- Your task: The entire listing below is to be written out exactly, minus the pictures.
** Exercise inputs follows **
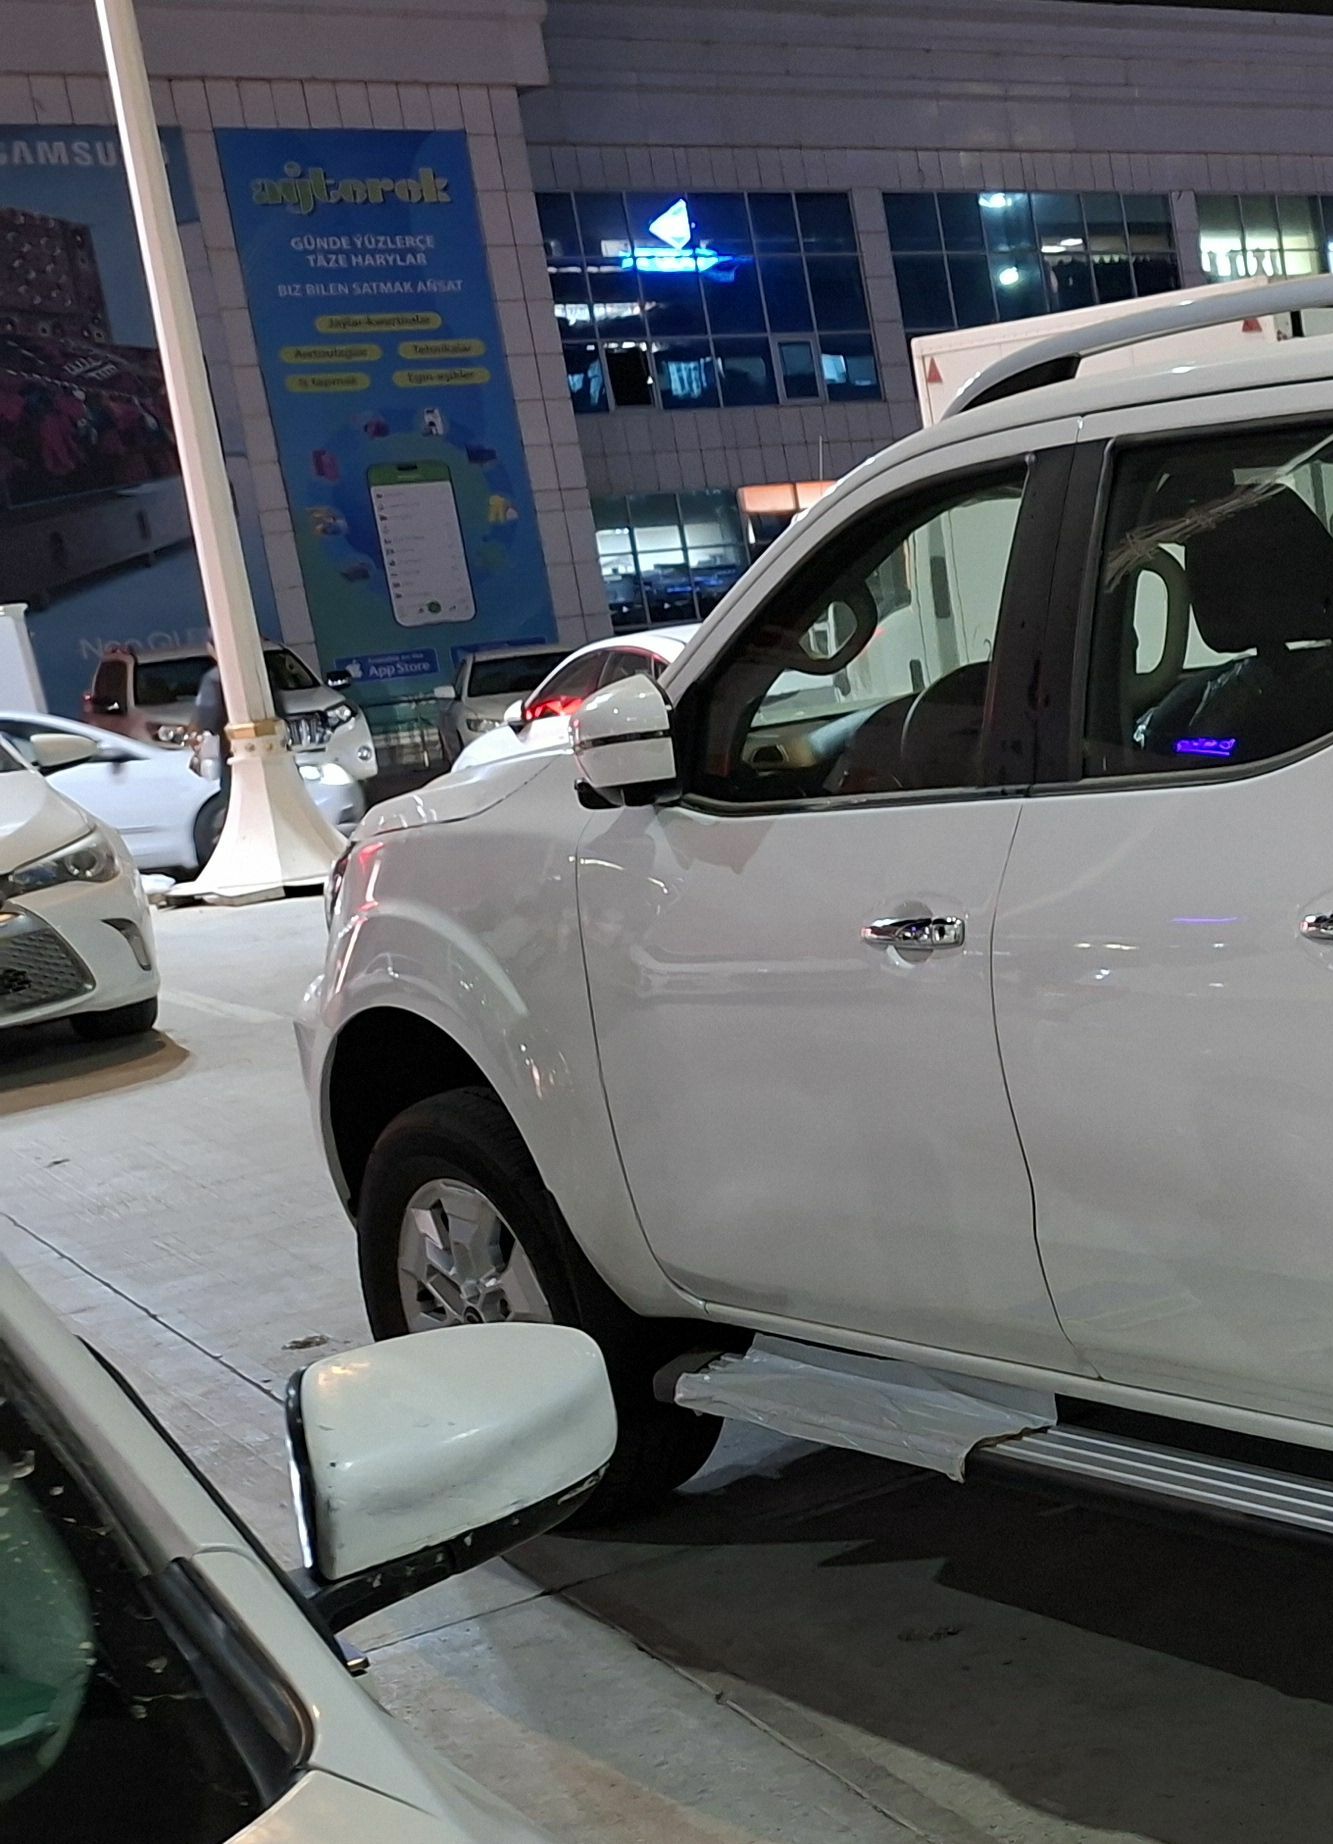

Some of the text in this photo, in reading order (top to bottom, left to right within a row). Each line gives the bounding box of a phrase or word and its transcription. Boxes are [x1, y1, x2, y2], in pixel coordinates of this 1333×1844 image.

[0, 140, 169, 167] AMSU
[290, 234, 351, 251] GÜNDE
[351, 252, 428, 267] HARYLAR
[352, 281, 413, 294] SATMAK
[368, 661, 430, 678] App Store
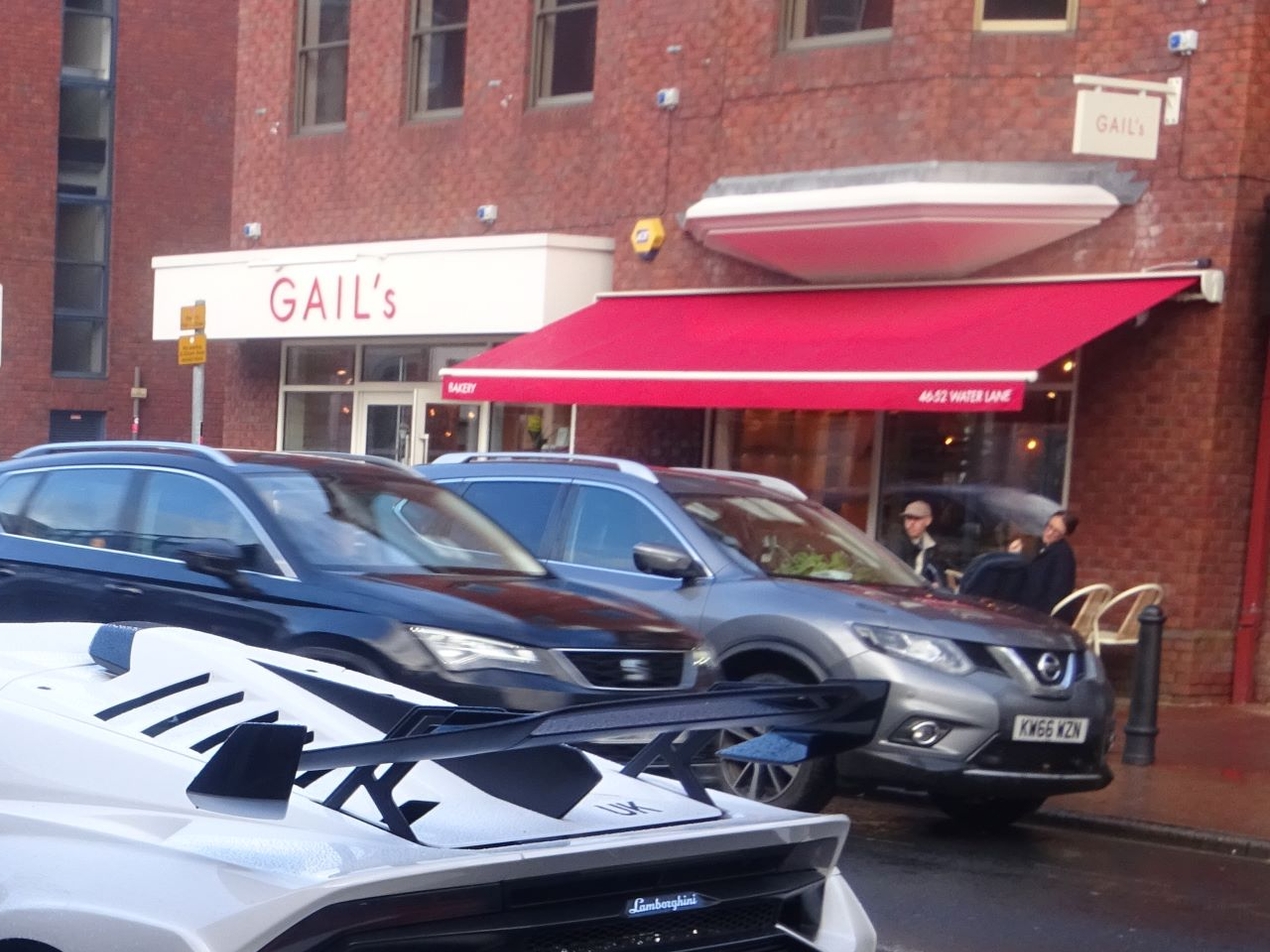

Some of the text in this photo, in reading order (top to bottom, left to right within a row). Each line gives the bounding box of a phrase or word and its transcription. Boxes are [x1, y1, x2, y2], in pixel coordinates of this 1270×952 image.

[1095, 114, 1145, 137] GAIL's
[270, 273, 396, 323] GAIL's
[447, 381, 477, 394] BAKERY
[949, 388, 984, 403] WATER
[985, 387, 1013, 403] LANE
[1019, 718, 1082, 739] KW66 WZN
[594, 801, 662, 815] UK
[628, 894, 698, 914] Lamborghini
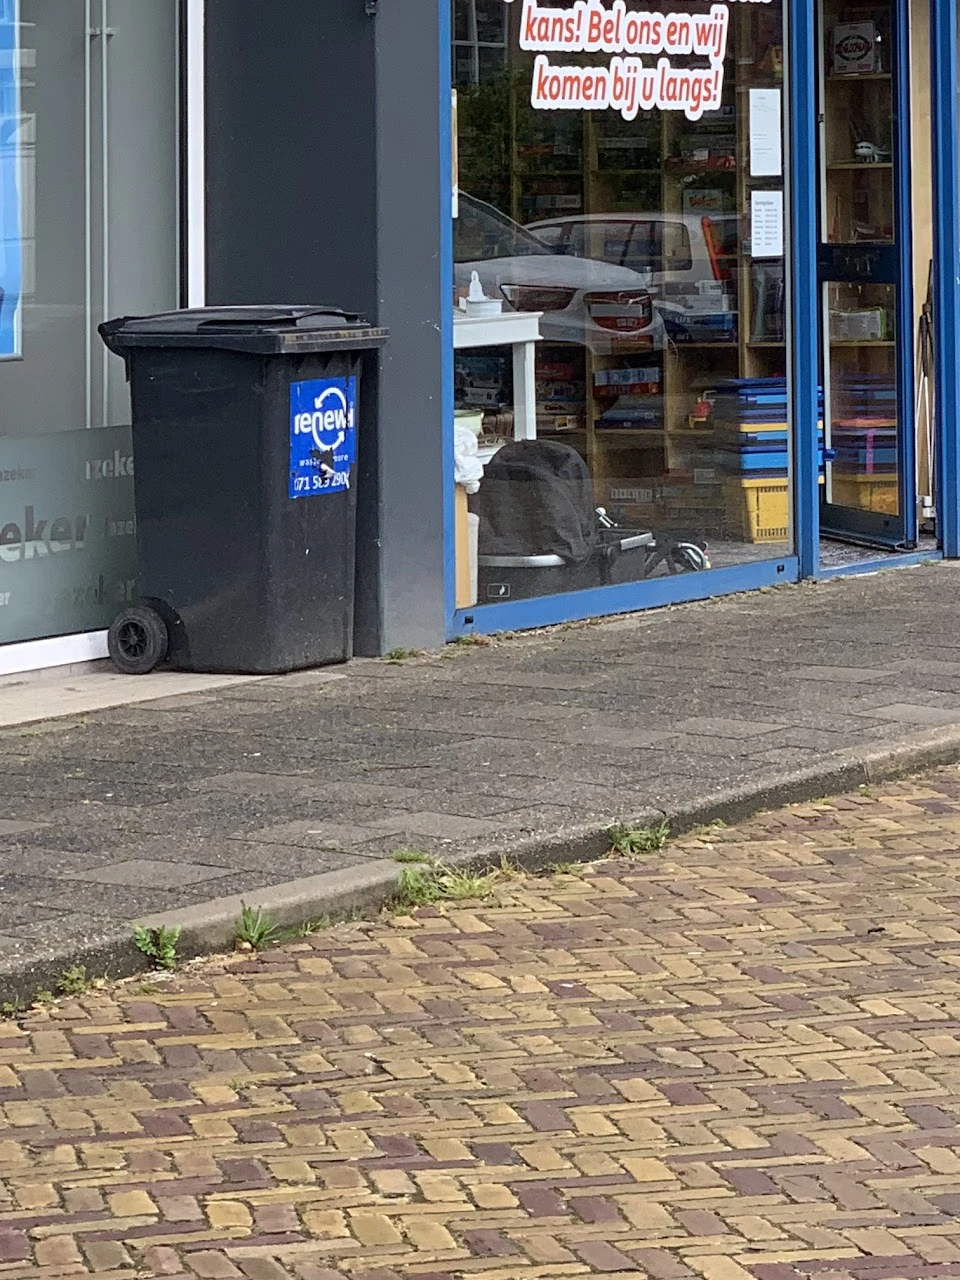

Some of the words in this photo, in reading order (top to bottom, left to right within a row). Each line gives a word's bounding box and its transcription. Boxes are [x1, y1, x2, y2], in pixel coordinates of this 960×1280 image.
** End of Exercise inputs **
- Task solution:
Some of the text in this photo, in reading order (top to bottom, left to right within a row). Each line gives the bounding box of a phrase or word and its transcription. Boxes are [x1, y1, x2, y2], in pixel coordinates of this 1333×1844 image.

[0, 140, 169, 167] AMSU
[290, 234, 351, 251] GÜNDE
[351, 252, 428, 267] HARYLAR
[352, 281, 413, 294] SATMAK
[368, 661, 430, 678] App Store

Some of the text in this photo, in reading order (top to bottom, left to right within a row). Each line gives the bounding box of a phrase or word and its transcription. Boxes are [x1, y1, x2, y2], in pixel coordinates of this 1270×952 image.

[1095, 114, 1145, 137] GAIL's
[270, 273, 396, 323] GAIL's
[447, 381, 477, 394] BAKERY
[949, 388, 984, 403] WATER
[985, 387, 1013, 403] LANE
[1019, 718, 1082, 739] KW66 WZN
[594, 801, 662, 815] UK
[628, 894, 698, 914] Lamborghini

Some of the words in this photo, in reading order (top to bottom, left to right within a row). Each line gives a word's bounding box and its transcription. Boxes are [x1, y1, x2, y2], in pixel coordinates of this 960×1280 image.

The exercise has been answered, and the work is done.